A SLAM-based high-resolution full-character debris-flow channel morphological mapping system

Enhancing the study of channelized debris flow necessitates precise and high-resolution mapping of channel topography and deposit conditions. Existing mapping technologies like satellite imaging and drone photogrammetry face challenges in accurately observing the interiors of extensive mountainous gullies, particularly in regions affected by events like the Wenchuan Earthquake. Despite the emergence of Simultaneous Localization and Mapping (SLAM) as a 3D mapping technology, its efficacy is hampered in rugged gullies due to two primary challenges: (1) Unusual terrain features and (2) Severe sensor swaying and oscillation, causing significant deviations and noise in SLAM-generated results. Addressing these challenges, we propose an innovative SLAM-based debris-flow channel detection and mapping system.
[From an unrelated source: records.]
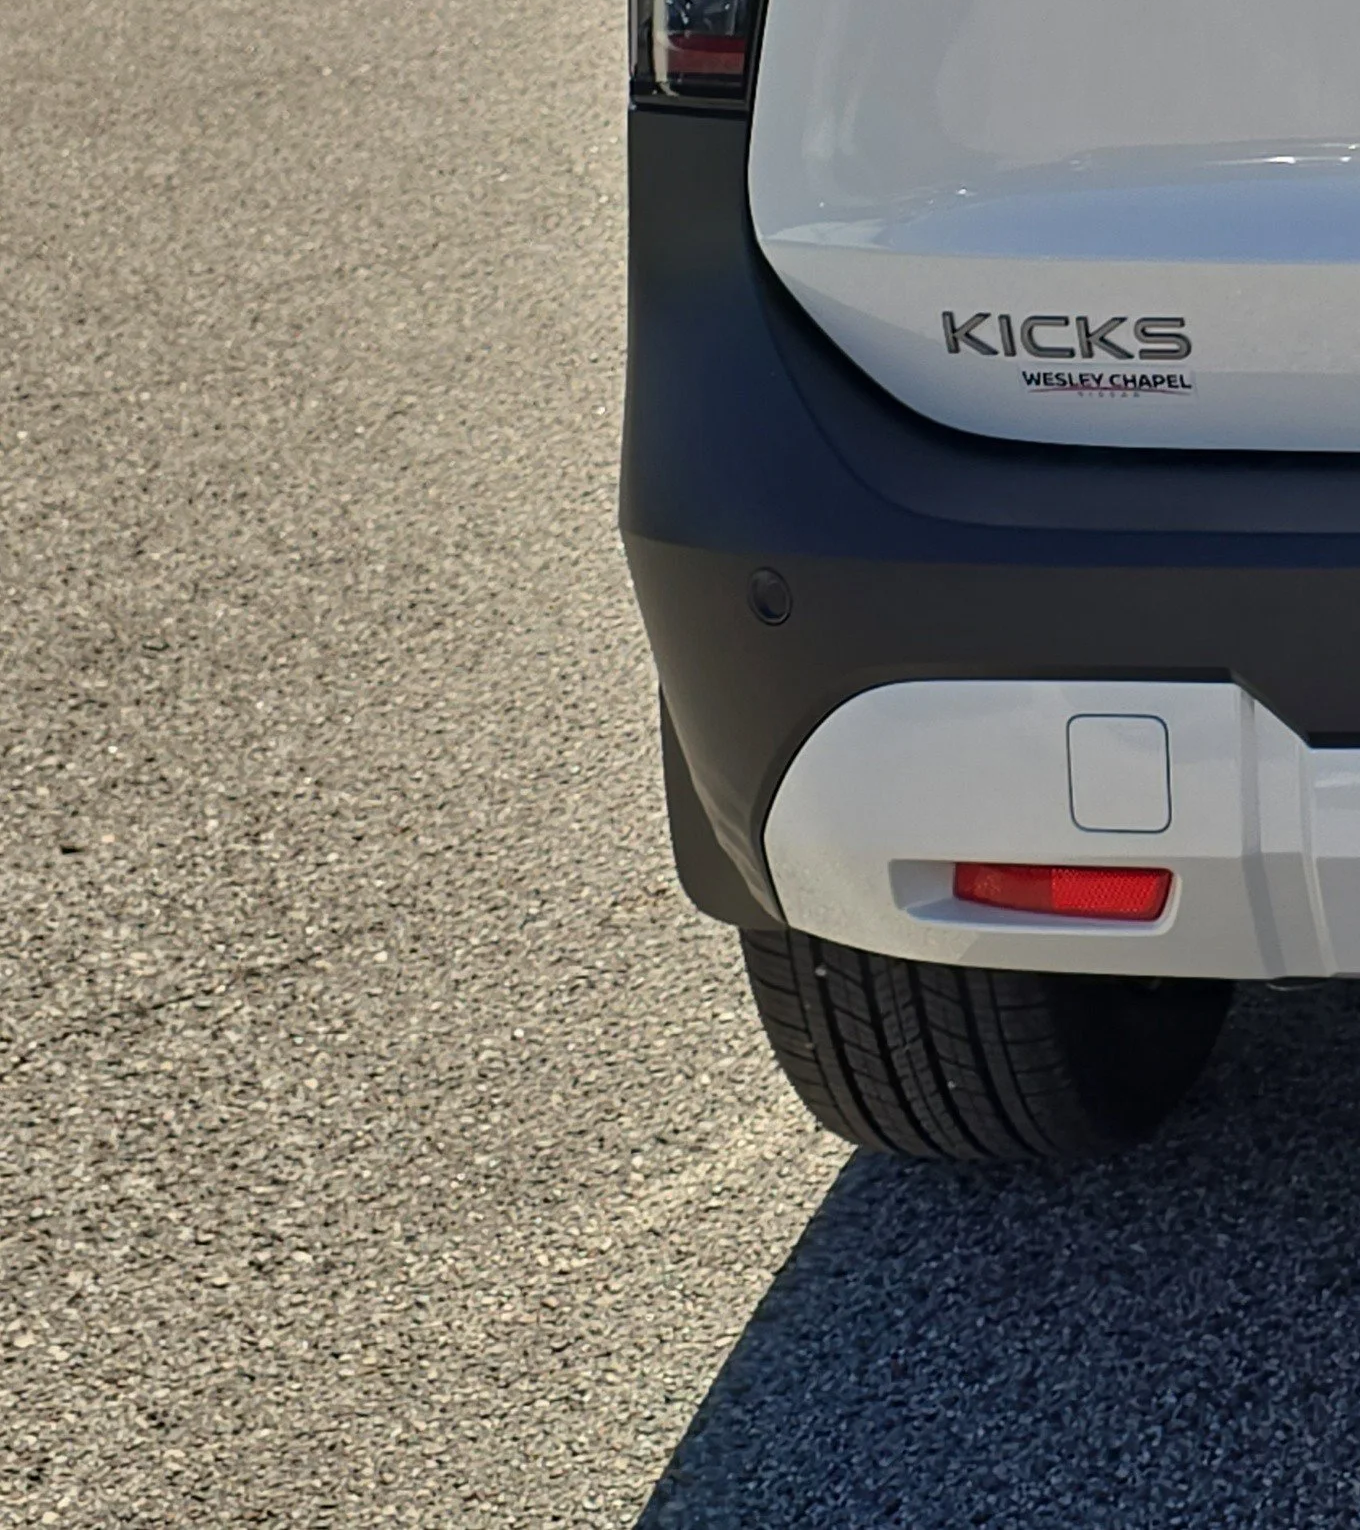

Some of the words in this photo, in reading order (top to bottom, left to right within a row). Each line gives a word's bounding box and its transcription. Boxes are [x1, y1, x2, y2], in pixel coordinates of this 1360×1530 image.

[942, 311, 1192, 360] KICKS
[1021, 371, 1104, 388] WESLEY
[1108, 373, 1192, 389] CHAPEL
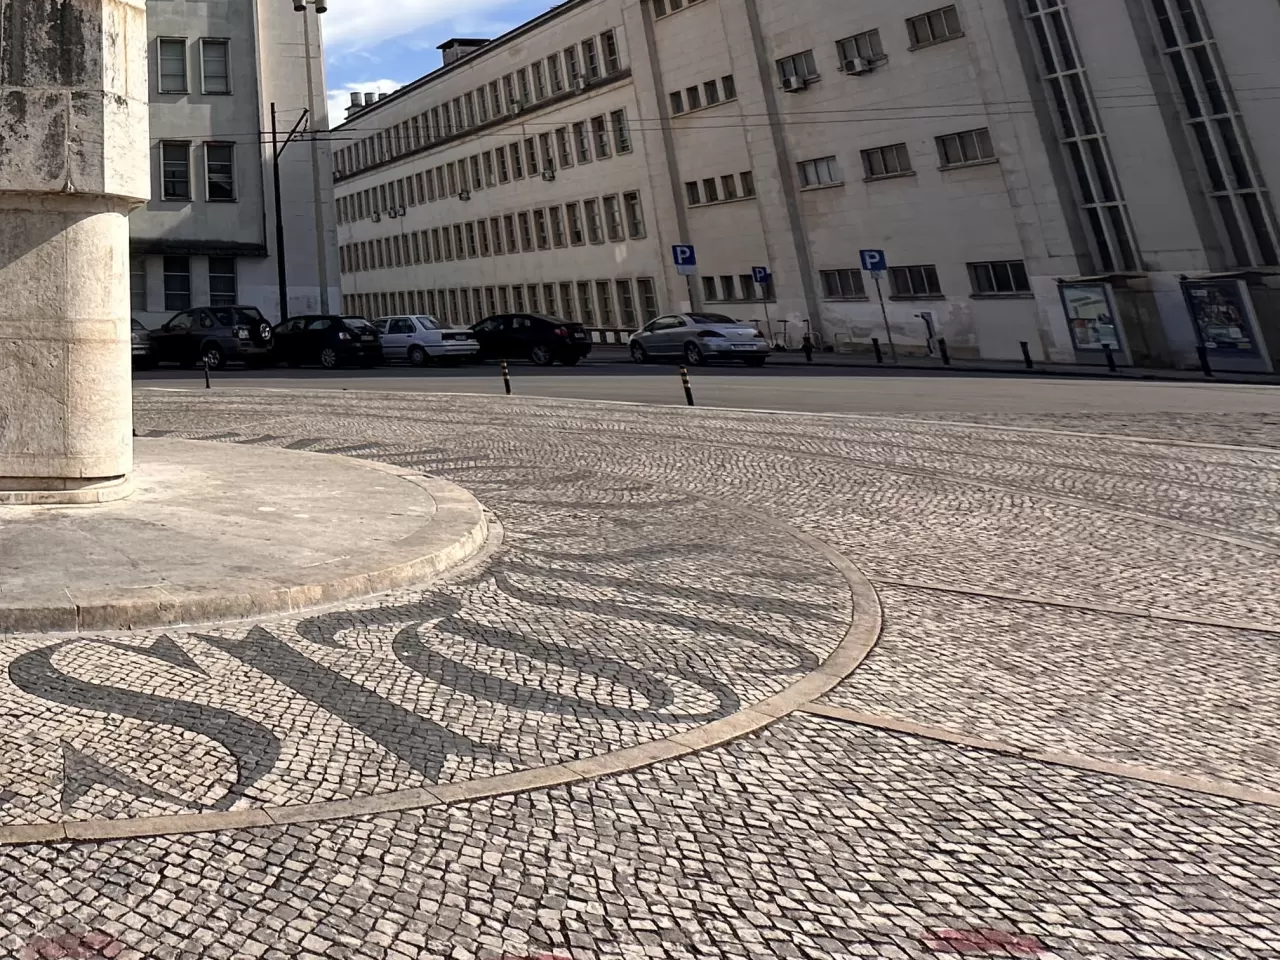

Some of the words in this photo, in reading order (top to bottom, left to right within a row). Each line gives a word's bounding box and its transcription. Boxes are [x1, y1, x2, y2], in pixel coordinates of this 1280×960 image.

[676, 246, 690, 264] P
[864, 251, 880, 269] P
[755, 268, 765, 281] P
It incorporates three key enhancements to refine SLAM outcomes: (1) A deviation correction algorithm assisted by digital orthophoto maps effectively mitigates systematic errors; (2) A point cloud smoothing algorithm significantly reduces noise levels; and (3) A cross-section extraction algorithm enables quantitative assessment of channel deposits and alterations. Conducting field experiments in Chutou Gully, Wenchuan County, China, in February and November 2023—representing pre and post-rainy season observations—validated the system's capabilities in markedly improving SLAM results. This advancement facilitates SLAM's efficacy in mapping challenging terrains, compensating for existing technology limitations in detecting debris flow channel interiors. The system aids in delineating detailed channel morphology, erosion patterns, deposit differentiation, volume estimation, and change detection. By rectifying the shortcomings of current methodologies, this methodological approach serves to augment the understanding of full-scale debris flow mechanisms, long-term post-seismic evolution, and hazard assessment in affected regions.